It's that time of the year in Finland where days are feeling shorter and shorter, with the dark period of the day taken more than half of the day. The lesser amount of light is bound to have its impact: it's dark when we go to work, and it is dark when we get home from work.

Just like people's moods have seasonal fluctuation in response to the visible external impacts, a phenomenon very similar happens for our testing at work.

The easy season to spot for a lot of us in software is ahead of us, with Black Friday starting the Christmas shopping season and the webshops all around the world are under heavy loads from the eager shoppers. We just had a lovely discussion Lisa Crispin from MABL hosted online to cover that one.

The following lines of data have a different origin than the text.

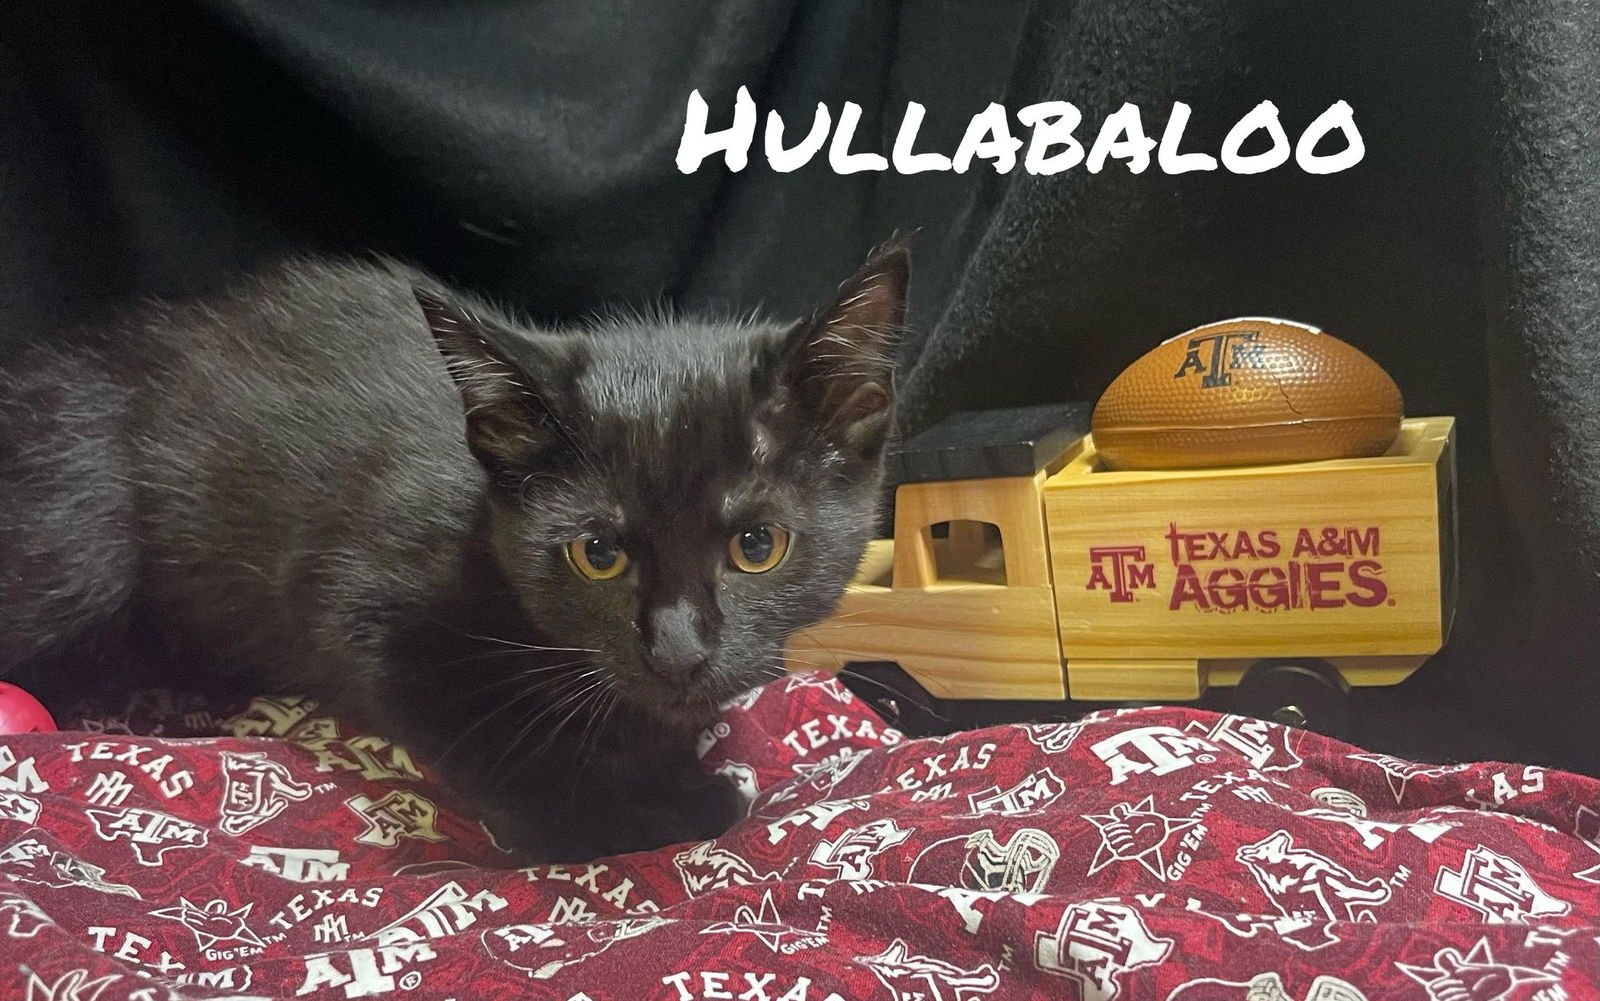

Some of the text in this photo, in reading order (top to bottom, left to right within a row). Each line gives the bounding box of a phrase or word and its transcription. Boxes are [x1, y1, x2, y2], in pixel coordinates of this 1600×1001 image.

[1293, 526, 1381, 559] A&M
[782, 714, 902, 757] TEXAS
[61, 741, 196, 799] TEXAS
[877, 743, 997, 794] EXAS
[269, 887, 384, 930] TEXAS

But let's think of the visible external impacts a little more. There's more to seasonal fluctuation than the day of heavy load e-commerce sites prep for, and knowing your company's and businesses annual clock gives you insight into priorities that can really make you shine in your choices of how you test right now.

Budgeting and End of Year

I think we've all received the emails towards the year closing that we need to remember to invoice whatever expenses we have. Budgeting and end of year are are such a common cycle in companies that it is hard to miss.

You want to ask for a raise, your odds of getting that are very much tied to the annual cycle.

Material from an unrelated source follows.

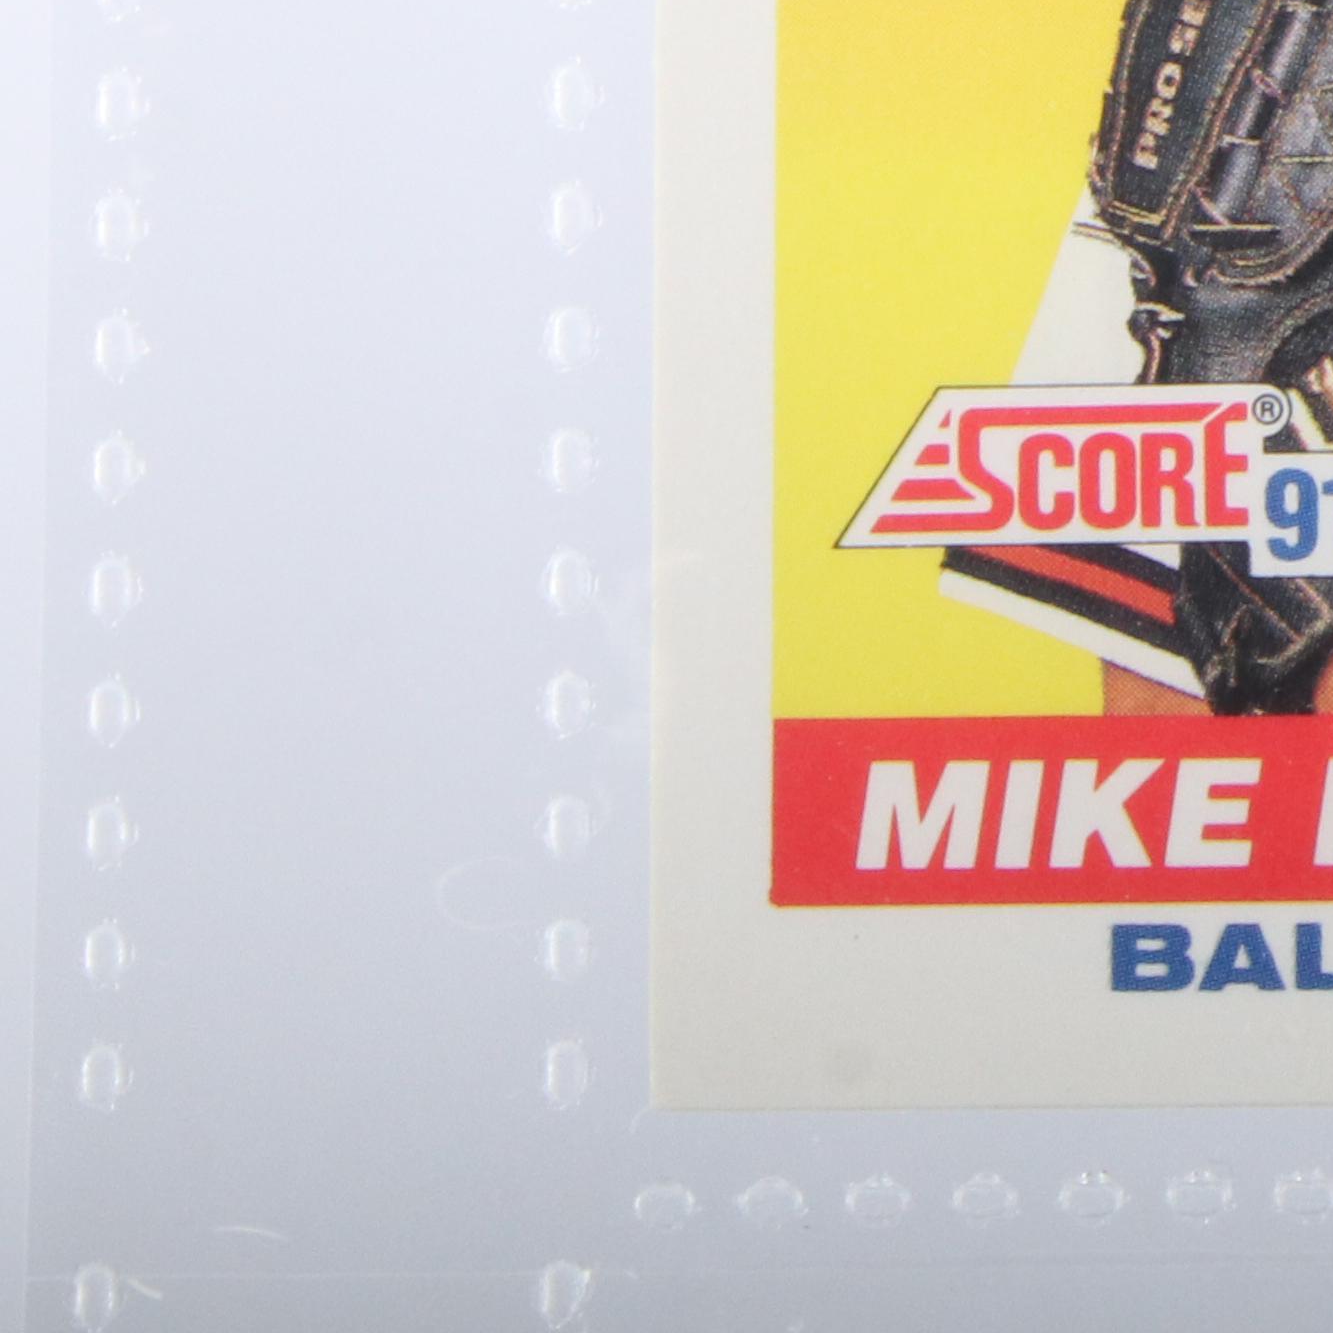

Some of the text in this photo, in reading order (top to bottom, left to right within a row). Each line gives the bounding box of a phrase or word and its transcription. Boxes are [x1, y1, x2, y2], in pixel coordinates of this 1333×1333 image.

[1132, 60, 1184, 170] PRO
[868, 401, 1249, 534] SCORE
[855, 758, 1260, 870] MIKE

You want to go to a conference, and you could notice a pattern on it's easy end of year ("we have to use our budgets, or we won't get one next year!") or next to impossible before the year changes.

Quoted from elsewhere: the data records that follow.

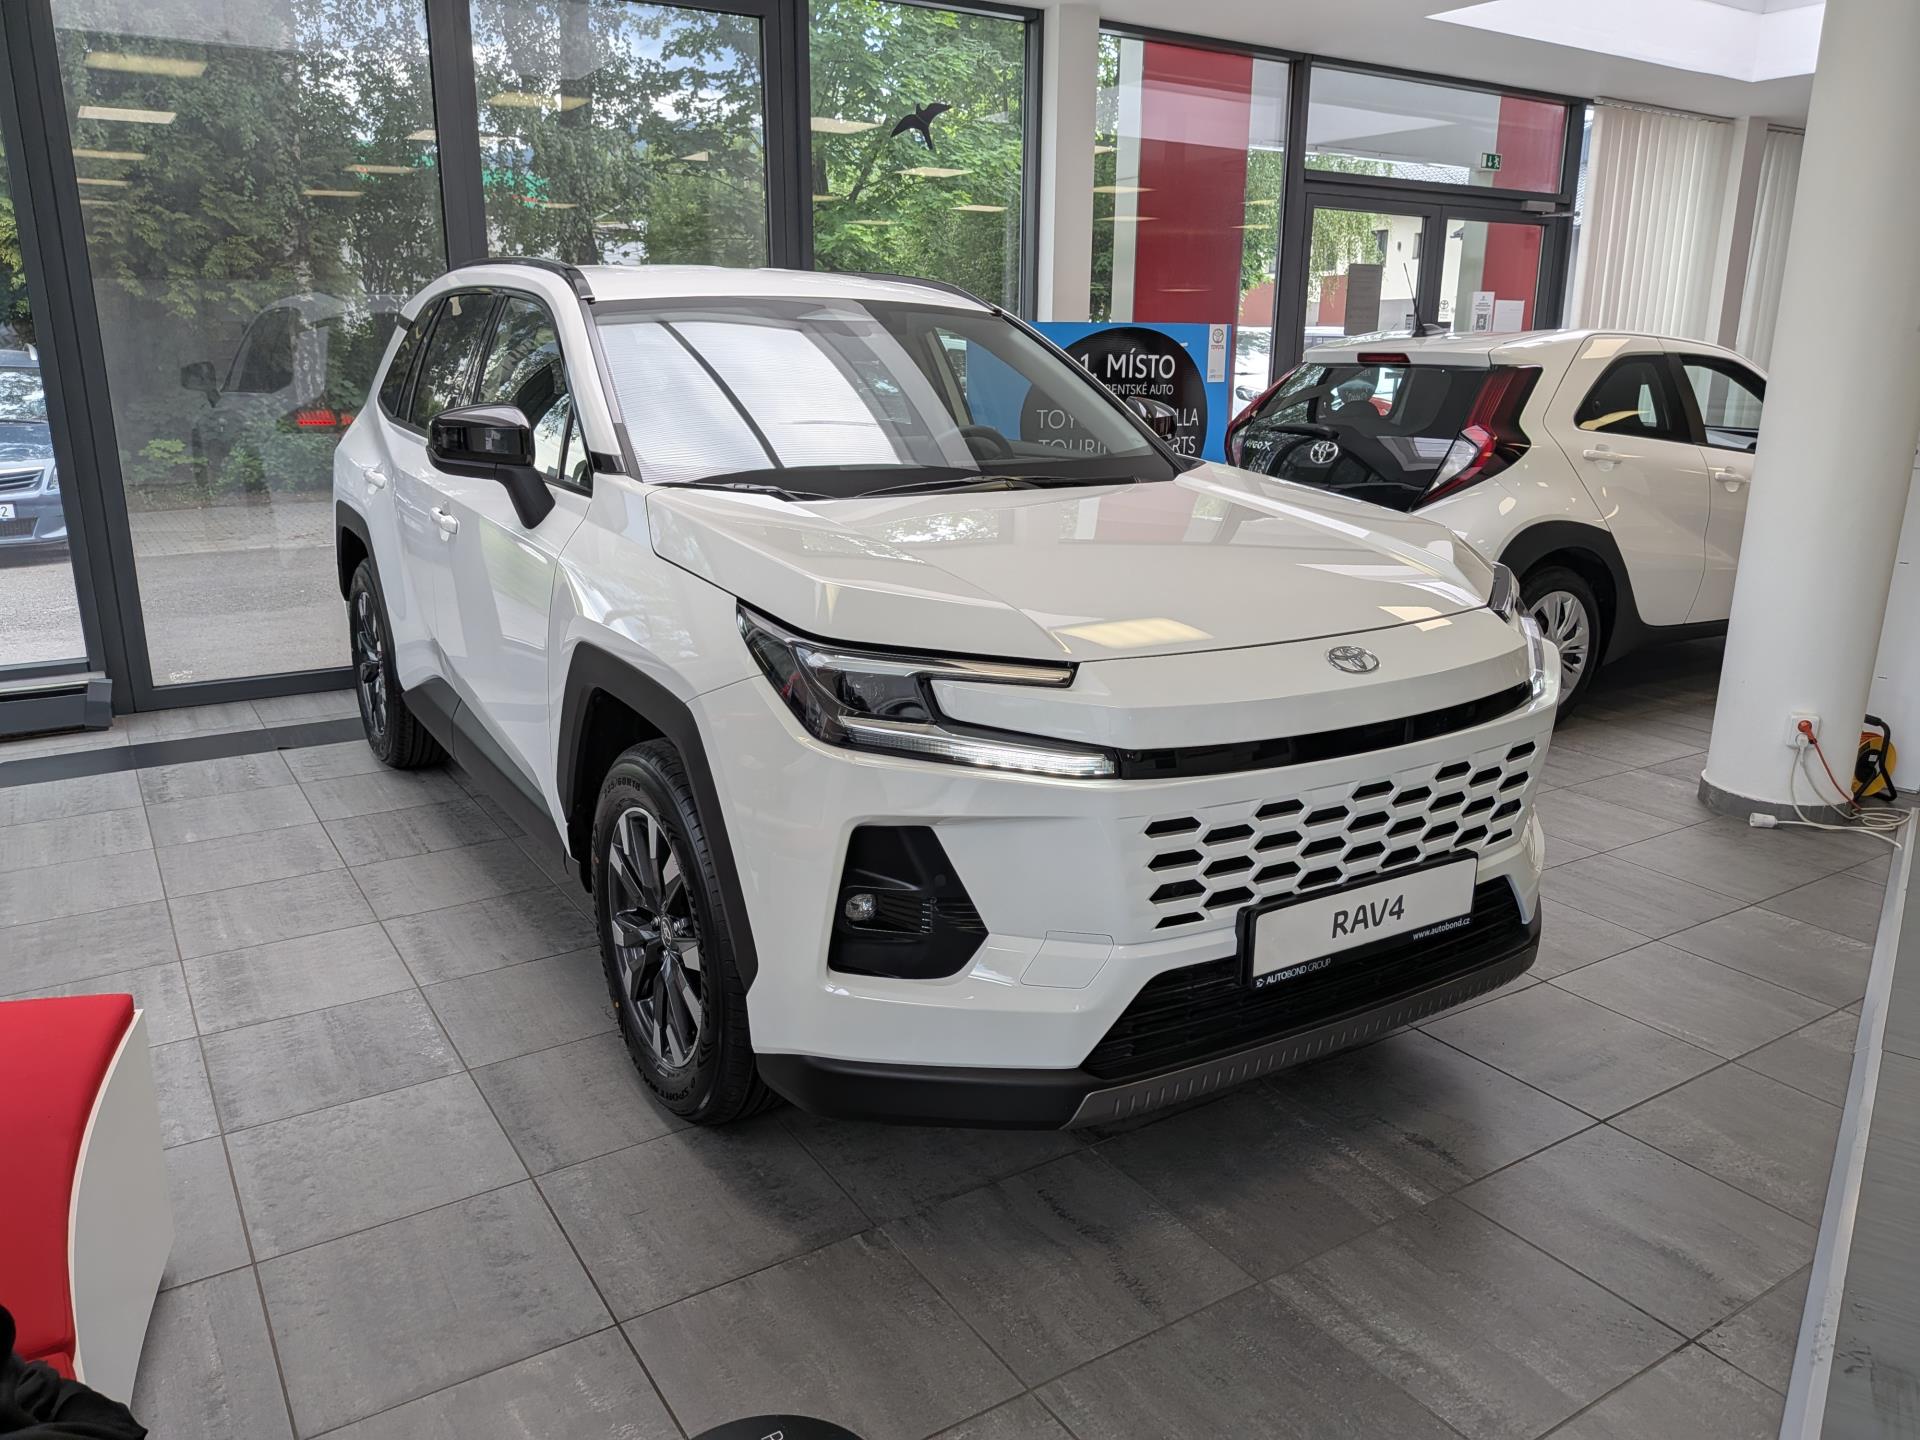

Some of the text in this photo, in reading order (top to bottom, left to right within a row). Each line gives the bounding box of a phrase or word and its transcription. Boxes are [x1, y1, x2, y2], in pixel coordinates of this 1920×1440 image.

[1106, 347, 1176, 379] MÍSTO
[1149, 384, 1174, 396] AUTO
[1332, 894, 1405, 939] RAV4
[1412, 917, 1471, 940] www.autobond.cz
[1266, 957, 1332, 985] AUTOBOND GROUP

The computer systems have a lot of logic around the year changing, and the budgeting seasons are a specific feature of financial systems of many sorts. When on a normal month we run some batch processing sets, the end of year can be a very special one and we only get to rehearse it once a year, and with little rehearsal, there is often a surprise ahead.

Christmas Freeze

A seasonal feature I have seen a lot is driven by a company's IT and operations department, scheduling annually a freeze time when changes to production don't happen. For other companies, the same period seems to be the time of taking the huge new systems into production, while everything else around is not allowed to change so that granularity for identifying problems is better.

The time just before Christmas freeze is often critical. Make sure you're risk averse at that time, because fixing is slower and harder. It starts with the assumption it should not happen unless it must happen.

The Events

You might have noticed that the plans the company you work for have a spike at some time of the year, and especially the new-cool-feature is something that creates a special kind of buzz a certain time.

The big event your company must show new stuff at is bound to have a spike in what is expected of you. The requests of "just one more thing" come from many directions. The emphasis of how important this is eats up a significant chunk of focus. For those of us with a bit of nerves, the seasonal spike promises we must watch out for symptoms of burnout, and create those personal ways of managing the stress the managers of all levels popping in to check progress cause.

The Two Spikes A Year Principle

A more subtle fluctuation I have noticed is that a lot of companies find it necessary to tell something big an important to customers two times a year. If you recognize those times, there's relevant goodwill to collect on paying attention to these spikes and ensuring all the changes we deliver in an agile fashion sum up to a story worth telling. Also that story gives food for thinking about tests we might not have considered in the continuous flow of changes and a timely heads up can be greatly appreciated.

The Human Tendency to Seek Achievements

Two more spikes I see annually come from categorizing people into two boxes. People in the management side bring out a spike in around October, ensuring all the dreams and wishes from the whole year they have been planning for get done before the year ends. This is a time when I see a lot of plans, meetings, workshops and the like. People in doing side, the spike comes earlier, right after summer vacations with fully refreshed minds tackling problems they now have ideas and energy to improve on.

Removing fluctuation

Over the years, agile and continuous delivery has changed a lot of the seasonal fluctuation to feel less intense and I welcome the less stressed continuously flowing value approach that can come with it. But the fluctuation is there, and if we notice it, and are able to react appropriately, it can really amplify the impact we have as individuals, and the perceptions of how helpful and useful other people around us consider us.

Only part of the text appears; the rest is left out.